Parler soulage et apaise. C'est un principe bien connu de la psychologie naturelle. Alors que des chercheurs qui se veulent scientifiques, tentés de se rattacher aux sciences nobles, hier par le conditionnement, aujourd'hui par le traitement de l'information et les neurosciences, s'enferment dans leurs laboratoires pour y naturaliser l'esprit, ce qui ne veut rien dire d’autre que déshumaniser l'homme (le débarrasser des intentions, du sens, de l’intériorité), d'autres psychologues sont sollicités de toutes parts pour remettre un peu d'humanité, de sens, d’intériorité, dans la vie d’hommes qui ont besoin de parler à d'autres hommes pour relancer cette vie psychique que les réductivismes de toutes sortes s'obstinent à leur dénier.
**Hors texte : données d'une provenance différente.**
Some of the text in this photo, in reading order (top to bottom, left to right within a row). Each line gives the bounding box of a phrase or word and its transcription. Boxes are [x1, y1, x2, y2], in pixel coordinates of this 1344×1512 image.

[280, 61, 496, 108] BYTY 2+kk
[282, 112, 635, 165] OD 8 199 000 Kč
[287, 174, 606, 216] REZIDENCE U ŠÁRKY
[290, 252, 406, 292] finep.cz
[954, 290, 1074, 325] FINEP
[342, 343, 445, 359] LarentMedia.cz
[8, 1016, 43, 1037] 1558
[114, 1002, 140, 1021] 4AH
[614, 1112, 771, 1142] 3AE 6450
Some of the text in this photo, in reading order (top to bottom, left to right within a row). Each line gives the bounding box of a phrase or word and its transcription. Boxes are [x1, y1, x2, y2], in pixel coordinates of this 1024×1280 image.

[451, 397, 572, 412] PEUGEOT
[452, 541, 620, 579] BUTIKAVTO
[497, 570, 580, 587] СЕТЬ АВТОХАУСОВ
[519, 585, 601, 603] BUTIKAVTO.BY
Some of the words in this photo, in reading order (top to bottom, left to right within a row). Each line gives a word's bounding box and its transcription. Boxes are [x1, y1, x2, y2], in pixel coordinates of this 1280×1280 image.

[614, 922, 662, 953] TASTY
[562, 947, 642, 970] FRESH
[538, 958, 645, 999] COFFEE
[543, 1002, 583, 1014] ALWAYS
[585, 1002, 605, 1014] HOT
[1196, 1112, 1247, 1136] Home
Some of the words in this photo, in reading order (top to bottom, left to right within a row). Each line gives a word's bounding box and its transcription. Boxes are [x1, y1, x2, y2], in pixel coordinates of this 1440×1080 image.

Suivant les situations, les méthodes, les cadres de soin, la place donnée à cet échange de paroles est plus ou moins importante. Elle peut être le tout de la rencontre, c'est le cas pour les psychologues cliniciens qui oeuvrent dans les milieux de soins pour s'occuper des maladies de l'âme et maintenant des traumatisés de la vie. Elle peut n’être qu'une partie de la rencontre, c'est le cas pour les psychologues scolaires par exemple qui sont le plus souvent conduits par leur mission a accorder une partie importante de leur travail à des évaluations, mais qui ne peuvent ignorer que toujours la relance et la dynamisation de la vie psychique passe par un échange de paroles 623 .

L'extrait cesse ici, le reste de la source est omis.